Now several firms are promoting eVTOL designs. NASA, Aurora Flight Sciences, Pipistrel, and even Google’s Larry Page have advanced their prototype designs. All feature multiple rotors for vertical takeoffs and landings, plus tractor- or pusher-style propellers for cruise flight. NASA’s Uber concept features propellers that rotate from vertical to horizontal, like those on the Bell Boeing V–22 Osprey.
The concept is as admirable as it is inspiring—ecologically friendly travel that bypasses the horrors and inefficiencies of going by car. But in all the enthusiasm, some fairly big obstacles may be overlooked. Current battery technology doesn’t allow enough power for a safe flight involving a vertical takeoff, a cruise phase, and a vertical landing. That’s because vertical flight causes huge drains on power. At about the time the aircraft moves from vertical to cruise flight, today’s lithium-ion batteries may well peter out.
That’s scary enough, but other challenges may be even bigger—such as air traffic control. Low-level routes must be established and—to make them safe—every tree, pole, building, tower, or other obstacle must be plotted.
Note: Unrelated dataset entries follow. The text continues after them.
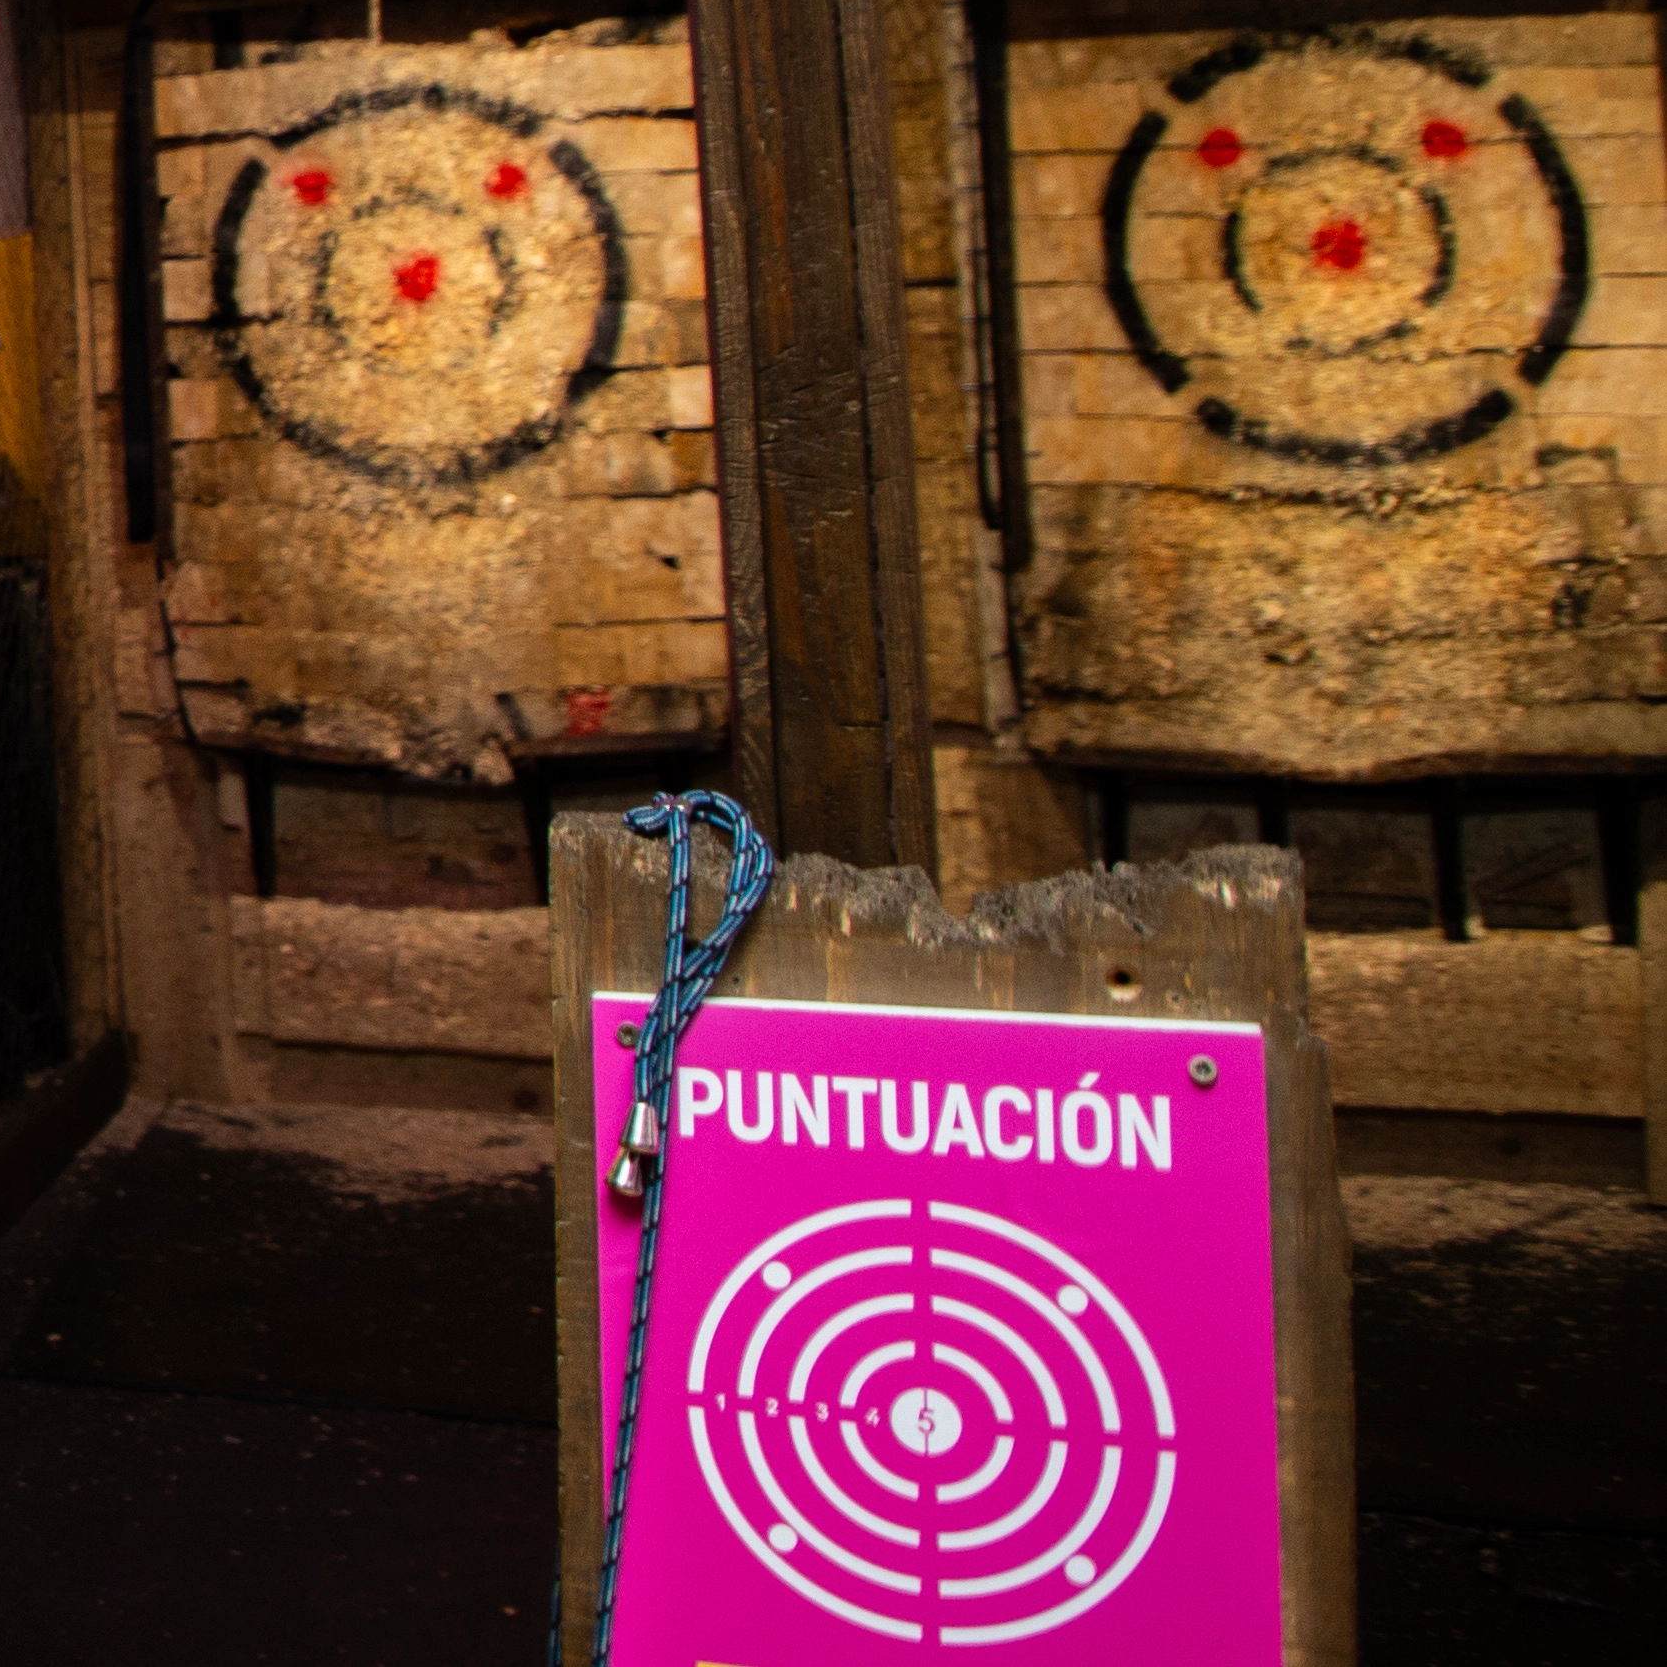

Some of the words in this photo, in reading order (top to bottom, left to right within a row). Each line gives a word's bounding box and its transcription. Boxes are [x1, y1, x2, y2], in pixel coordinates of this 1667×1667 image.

[677, 1066, 1173, 1171] PUNTUACIÓN
[716, 1392, 726, 1413] 1
[767, 1397, 780, 1418] 2
[815, 1402, 829, 1423] 3
[865, 1407, 880, 1428] 4
[917, 1408, 937, 1435] 5
And where will the aircraft land? eVTOLs can’t replicate point-to-point travel, lest they encounter obstacles, so satellite landing zones will be necessary.
There’s also the requirement for traffic separation, already a challenge in congested areas. Imagine incorporating scores of low-flying Ubers into the flow of conventional aircraft operating in and out of established airports. Then there’s the talk of autonomously flown eVTOLs.
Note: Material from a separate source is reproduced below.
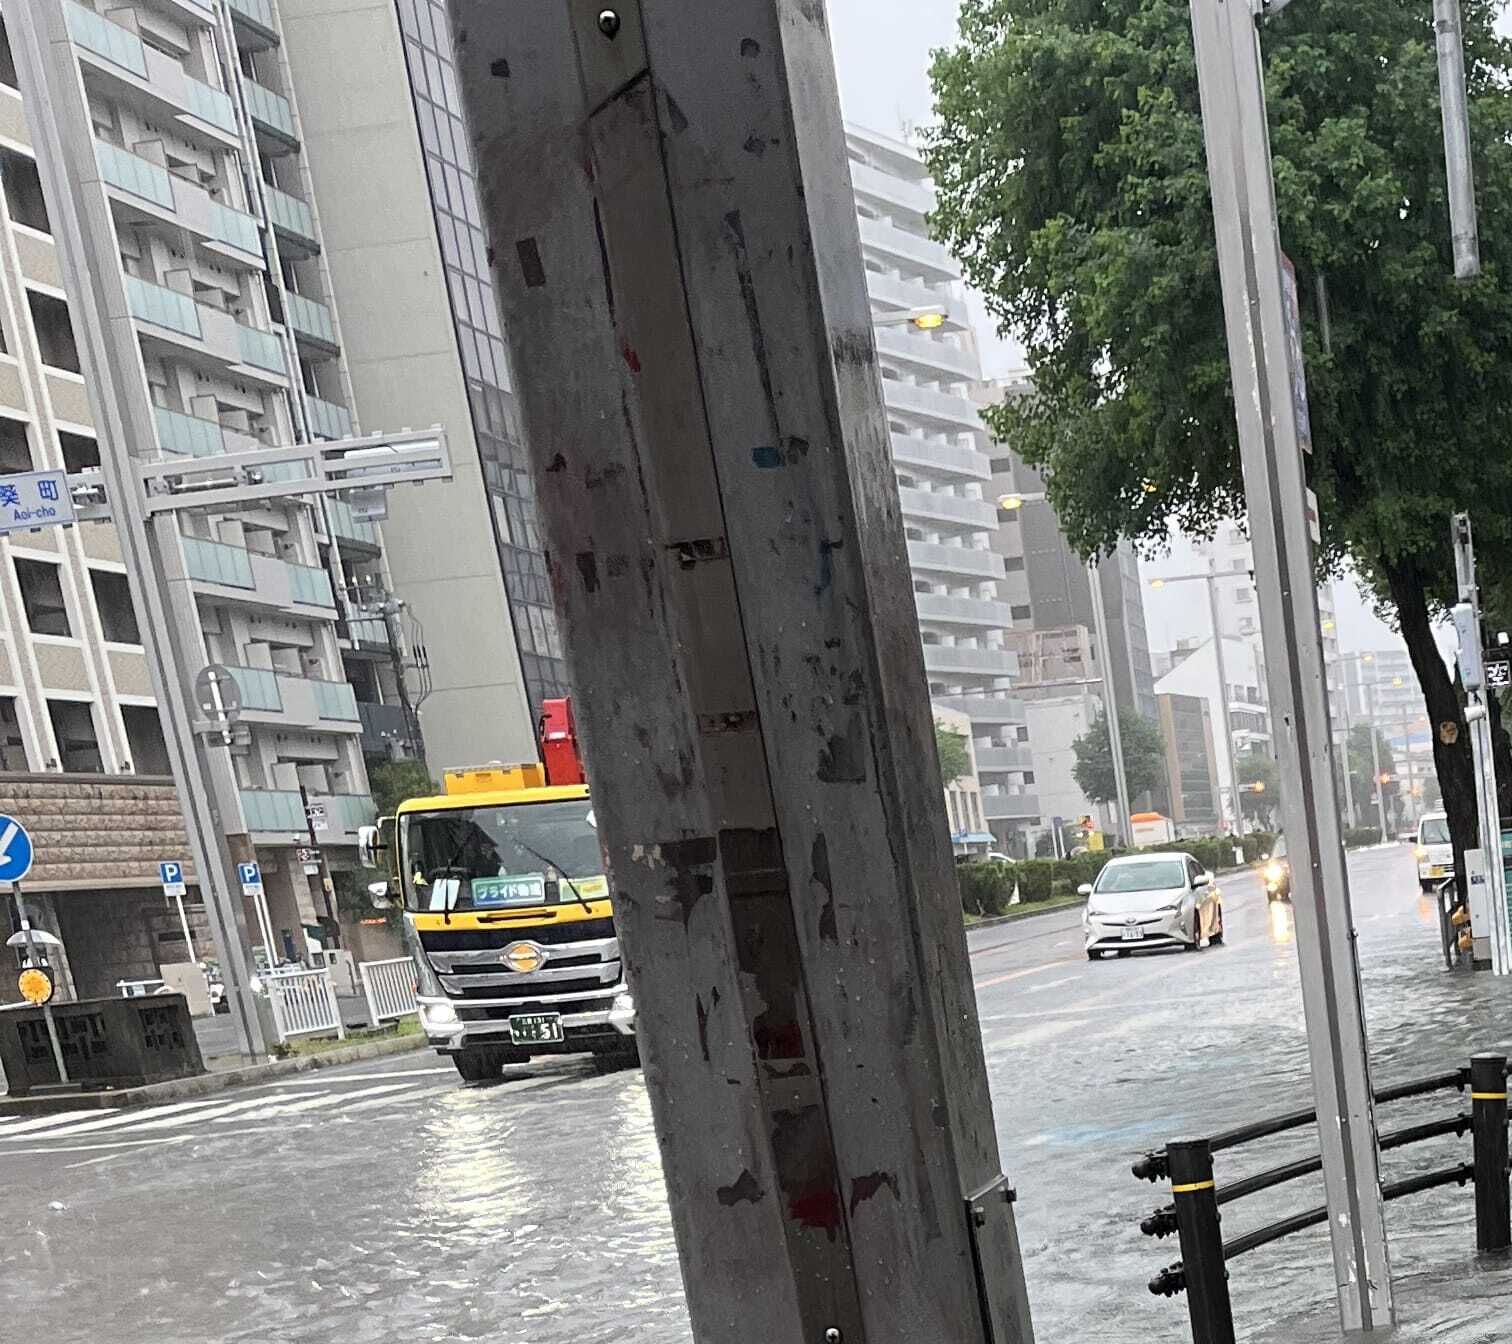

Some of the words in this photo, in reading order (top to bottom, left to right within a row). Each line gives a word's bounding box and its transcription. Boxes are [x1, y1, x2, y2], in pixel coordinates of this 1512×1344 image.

With all these issues, you wonder about the genesis of concepts like these. It has its roots in the division of labor, according to a post by blogger John Michael Greer (www.ecosophia.net/terror-deep-time). One group of people, typically wealthy and influential, chooses the goals of an activity. Another group is assigned the task of finding the means to achieve the goals. The first group is so much higher in status than the second group that it need not pay attention to the concerns of the second group.
So visionaries create the buzz, promote it, and then enlist the designers and engineers who transform the concept into reality. Problem is, the visionaries are frequently unaware that their project is unworkable, or heavily compromised. The engineers in the project know that the limitations are staggering, but they commit to the project anyway, keeping their opinions to themselves out of concern for job security.
This is how projects go awry. Take flying cars. In theory, they’d be cool. But the design compromises in merging car and airplane have created products that do neither job well. Is this what’s churning behind the scenes of the eVTOL movement?
Just thinking out loud here. Uber wants paying customers on its eVTOLs by 2023. Can all the technological and regulatory issues be resolved in just five years? Are the engineers at NASA, Aurora Flight Sciences, Pipistrel, Google, and other firms withholding their concerns? Or is it that a revolution is afoot—one that may entice mainstream manufacturers into the game? Embraer has come up with an eVTOL offering of its own: the Embraer X. It’s being developed at the company’s Melbourne, Florida, campus. But when I called to check on its status I was told, “There’s nothing to see here.” All I’ve seen are artist’s renderings, just like all the other designs.